(Saved entries)
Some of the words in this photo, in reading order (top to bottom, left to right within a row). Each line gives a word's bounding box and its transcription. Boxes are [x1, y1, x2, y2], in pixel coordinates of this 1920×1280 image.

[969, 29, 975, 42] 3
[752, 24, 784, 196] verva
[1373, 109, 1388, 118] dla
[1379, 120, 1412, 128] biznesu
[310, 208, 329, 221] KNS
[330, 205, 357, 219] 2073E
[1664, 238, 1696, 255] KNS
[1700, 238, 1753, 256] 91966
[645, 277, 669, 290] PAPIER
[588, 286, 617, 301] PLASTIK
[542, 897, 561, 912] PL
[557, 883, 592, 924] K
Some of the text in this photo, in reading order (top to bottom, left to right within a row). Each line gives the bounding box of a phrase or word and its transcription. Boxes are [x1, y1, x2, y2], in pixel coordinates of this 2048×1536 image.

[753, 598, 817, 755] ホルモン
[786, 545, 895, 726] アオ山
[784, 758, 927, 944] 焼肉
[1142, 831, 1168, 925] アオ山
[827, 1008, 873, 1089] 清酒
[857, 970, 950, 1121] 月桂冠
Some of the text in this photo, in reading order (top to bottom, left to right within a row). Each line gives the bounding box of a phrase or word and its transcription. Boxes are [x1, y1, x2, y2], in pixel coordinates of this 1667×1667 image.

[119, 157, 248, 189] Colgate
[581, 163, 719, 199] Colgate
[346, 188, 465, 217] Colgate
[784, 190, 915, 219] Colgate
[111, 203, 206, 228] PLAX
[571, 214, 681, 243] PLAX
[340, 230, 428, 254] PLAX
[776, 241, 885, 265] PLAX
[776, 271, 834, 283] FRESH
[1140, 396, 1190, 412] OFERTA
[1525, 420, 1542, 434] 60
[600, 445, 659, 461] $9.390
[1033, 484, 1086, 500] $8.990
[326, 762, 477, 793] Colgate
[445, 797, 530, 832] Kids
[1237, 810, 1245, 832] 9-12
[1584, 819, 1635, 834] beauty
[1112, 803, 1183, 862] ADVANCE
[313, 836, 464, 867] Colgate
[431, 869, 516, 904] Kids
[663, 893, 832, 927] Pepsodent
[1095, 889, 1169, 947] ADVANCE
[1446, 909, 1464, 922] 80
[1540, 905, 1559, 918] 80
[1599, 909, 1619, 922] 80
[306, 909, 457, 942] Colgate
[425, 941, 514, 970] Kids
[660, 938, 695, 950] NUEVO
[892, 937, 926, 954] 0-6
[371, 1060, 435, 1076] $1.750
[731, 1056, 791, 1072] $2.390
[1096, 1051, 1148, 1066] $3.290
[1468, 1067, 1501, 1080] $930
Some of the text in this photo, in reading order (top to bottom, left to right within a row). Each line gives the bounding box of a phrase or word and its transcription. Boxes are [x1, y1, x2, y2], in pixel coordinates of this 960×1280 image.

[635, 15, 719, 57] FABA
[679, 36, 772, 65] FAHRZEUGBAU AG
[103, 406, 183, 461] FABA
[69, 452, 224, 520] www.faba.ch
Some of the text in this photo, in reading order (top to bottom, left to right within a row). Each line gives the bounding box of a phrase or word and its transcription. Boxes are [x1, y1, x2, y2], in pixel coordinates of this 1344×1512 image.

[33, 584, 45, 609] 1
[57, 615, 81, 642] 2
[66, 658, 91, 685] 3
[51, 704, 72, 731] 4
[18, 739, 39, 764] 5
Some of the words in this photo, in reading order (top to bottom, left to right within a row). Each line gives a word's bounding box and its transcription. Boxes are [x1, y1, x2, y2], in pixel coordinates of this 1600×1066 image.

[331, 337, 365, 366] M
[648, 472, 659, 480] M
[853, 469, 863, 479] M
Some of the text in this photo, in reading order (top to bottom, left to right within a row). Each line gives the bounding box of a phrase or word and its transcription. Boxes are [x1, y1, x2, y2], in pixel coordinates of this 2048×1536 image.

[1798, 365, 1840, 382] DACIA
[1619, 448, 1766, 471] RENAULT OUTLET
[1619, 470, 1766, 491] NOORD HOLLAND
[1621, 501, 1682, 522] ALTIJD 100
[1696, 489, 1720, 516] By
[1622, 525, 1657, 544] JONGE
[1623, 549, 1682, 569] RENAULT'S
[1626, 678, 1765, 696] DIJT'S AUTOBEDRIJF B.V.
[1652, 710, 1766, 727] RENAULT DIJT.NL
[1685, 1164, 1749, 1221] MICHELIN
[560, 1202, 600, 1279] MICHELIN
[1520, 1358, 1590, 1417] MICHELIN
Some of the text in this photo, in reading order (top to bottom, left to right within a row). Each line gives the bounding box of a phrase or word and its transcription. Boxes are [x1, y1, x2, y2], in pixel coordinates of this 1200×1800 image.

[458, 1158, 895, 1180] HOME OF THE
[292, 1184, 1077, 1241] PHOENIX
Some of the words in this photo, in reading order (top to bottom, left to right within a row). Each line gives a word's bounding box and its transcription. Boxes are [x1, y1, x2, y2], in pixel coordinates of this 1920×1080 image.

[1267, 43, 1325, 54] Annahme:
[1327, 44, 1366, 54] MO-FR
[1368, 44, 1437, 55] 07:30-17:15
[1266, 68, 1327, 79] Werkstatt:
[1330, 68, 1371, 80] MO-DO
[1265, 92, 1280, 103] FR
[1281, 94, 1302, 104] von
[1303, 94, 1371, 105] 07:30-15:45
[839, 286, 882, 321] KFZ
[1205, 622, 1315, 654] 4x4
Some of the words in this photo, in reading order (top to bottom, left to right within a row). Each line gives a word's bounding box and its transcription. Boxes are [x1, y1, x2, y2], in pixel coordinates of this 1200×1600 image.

**EXERCISE INSTRUCTIONS:**
All of the entries above need to be retyped exactly.

**RESULT OF THE TASK:**
Some of the words in this photo, in reading order (top to bottom, left to right within a row). Each line gives a word's bounding box and its transcription. Boxes are [x1, y1, x2, y2], in pixel coordinates of this 1920×1280 image.

[969, 29, 975, 42] 3
[752, 24, 784, 196] verva
[1373, 109, 1388, 118] dla
[1379, 120, 1412, 128] biznesu
[310, 208, 329, 221] KNS
[330, 205, 357, 219] 2073E
[1664, 238, 1696, 255] KNS
[1700, 238, 1753, 256] 91966
[645, 277, 669, 290] PAPIER
[588, 286, 617, 301] PLASTIK
[542, 897, 561, 912] PL
[557, 883, 592, 924] K
Some of the text in this photo, in reading order (top to bottom, left to right within a row). Each line gives the bounding box of a phrase or word and its transcription. Boxes are [x1, y1, x2, y2], in pixel coordinates of this 2048×1536 image.

[753, 598, 817, 755] ホルモン
[786, 545, 895, 726] アオ山
[784, 758, 927, 944] 焼肉
[1142, 831, 1168, 925] アオ山
[827, 1008, 873, 1089] 清酒
[857, 970, 950, 1121] 月桂冠
Some of the text in this photo, in reading order (top to bottom, left to right within a row). Each line gives the bounding box of a phrase or word and its transcription. Boxes are [x1, y1, x2, y2], in pixel coordinates of this 1667×1667 image.

[119, 157, 248, 189] Colgate
[581, 163, 719, 199] Colgate
[346, 188, 465, 217] Colgate
[784, 190, 915, 219] Colgate
[111, 203, 206, 228] PLAX
[571, 214, 681, 243] PLAX
[340, 230, 428, 254] PLAX
[776, 241, 885, 265] PLAX
[776, 271, 834, 283] FRESH
[1140, 396, 1190, 412] OFERTA
[1525, 420, 1542, 434] 60
[600, 445, 659, 461] $9.390
[1033, 484, 1086, 500] $8.990
[326, 762, 477, 793] Colgate
[445, 797, 530, 832] Kids
[1237, 810, 1245, 832] 9-12
[1584, 819, 1635, 834] beauty
[1112, 803, 1183, 862] ADVANCE
[313, 836, 464, 867] Colgate
[431, 869, 516, 904] Kids
[663, 893, 832, 927] Pepsodent
[1095, 889, 1169, 947] ADVANCE
[1446, 909, 1464, 922] 80
[1540, 905, 1559, 918] 80
[1599, 909, 1619, 922] 80
[306, 909, 457, 942] Colgate
[425, 941, 514, 970] Kids
[660, 938, 695, 950] NUEVO
[892, 937, 926, 954] 0-6
[371, 1060, 435, 1076] $1.750
[731, 1056, 791, 1072] $2.390
[1096, 1051, 1148, 1066] $3.290
[1468, 1067, 1501, 1080] $930
Some of the text in this photo, in reading order (top to bottom, left to right within a row). Each line gives the bounding box of a phrase or word and its transcription. Boxes are [x1, y1, x2, y2], in pixel coordinates of this 960×1280 image.

[635, 15, 719, 57] FABA
[679, 36, 772, 65] FAHRZEUGBAU AG
[103, 406, 183, 461] FABA
[69, 452, 224, 520] www.faba.ch
Some of the text in this photo, in reading order (top to bottom, left to right within a row). Each line gives the bounding box of a phrase or word and its transcription. Boxes are [x1, y1, x2, y2], in pixel coordinates of this 1344×1512 image.

[33, 584, 45, 609] 1
[57, 615, 81, 642] 2
[66, 658, 91, 685] 3
[51, 704, 72, 731] 4
[18, 739, 39, 764] 5
Some of the words in this photo, in reading order (top to bottom, left to right within a row). Each line gives a word's bounding box and its transcription. Boxes are [x1, y1, x2, y2], in pixel coordinates of this 1600×1066 image.

[331, 337, 365, 366] M
[648, 472, 659, 480] M
[853, 469, 863, 479] M
Some of the text in this photo, in reading order (top to bottom, left to right within a row). Each line gives the bounding box of a phrase or word and its transcription. Boxes are [x1, y1, x2, y2], in pixel coordinates of this 2048×1536 image.

[1798, 365, 1840, 382] DACIA
[1619, 448, 1766, 471] RENAULT OUTLET
[1619, 470, 1766, 491] NOORD HOLLAND
[1621, 501, 1682, 522] ALTIJD 100
[1696, 489, 1720, 516] By
[1622, 525, 1657, 544] JONGE
[1623, 549, 1682, 569] RENAULT'S
[1626, 678, 1765, 696] DIJT'S AUTOBEDRIJF B.V.
[1652, 710, 1766, 727] RENAULT DIJT.NL
[1685, 1164, 1749, 1221] MICHELIN
[560, 1202, 600, 1279] MICHELIN
[1520, 1358, 1590, 1417] MICHELIN
Some of the text in this photo, in reading order (top to bottom, left to right within a row). Each line gives the bounding box of a phrase or word and its transcription. Boxes are [x1, y1, x2, y2], in pixel coordinates of this 1200×1800 image.

[458, 1158, 895, 1180] HOME OF THE
[292, 1184, 1077, 1241] PHOENIX
Some of the words in this photo, in reading order (top to bottom, left to right within a row). Each line gives a word's bounding box and its transcription. Boxes are [x1, y1, x2, y2], in pixel coordinates of this 1920×1080 image.

[1267, 43, 1325, 54] Annahme:
[1327, 44, 1366, 54] MO-FR
[1368, 44, 1437, 55] 07:30-17:15
[1266, 68, 1327, 79] Werkstatt:
[1330, 68, 1371, 80] MO-DO
[1265, 92, 1280, 103] FR
[1281, 94, 1302, 104] von
[1303, 94, 1371, 105] 07:30-15:45
[839, 286, 882, 321] KFZ
[1205, 622, 1315, 654] 4x4
Some of the words in this photo, in reading order (top to bottom, left to right within a row). Each line gives a word's bounding box and its transcription. Boxes are [x1, y1, x2, y2], in pixel coordinates of this 1200×1600 image.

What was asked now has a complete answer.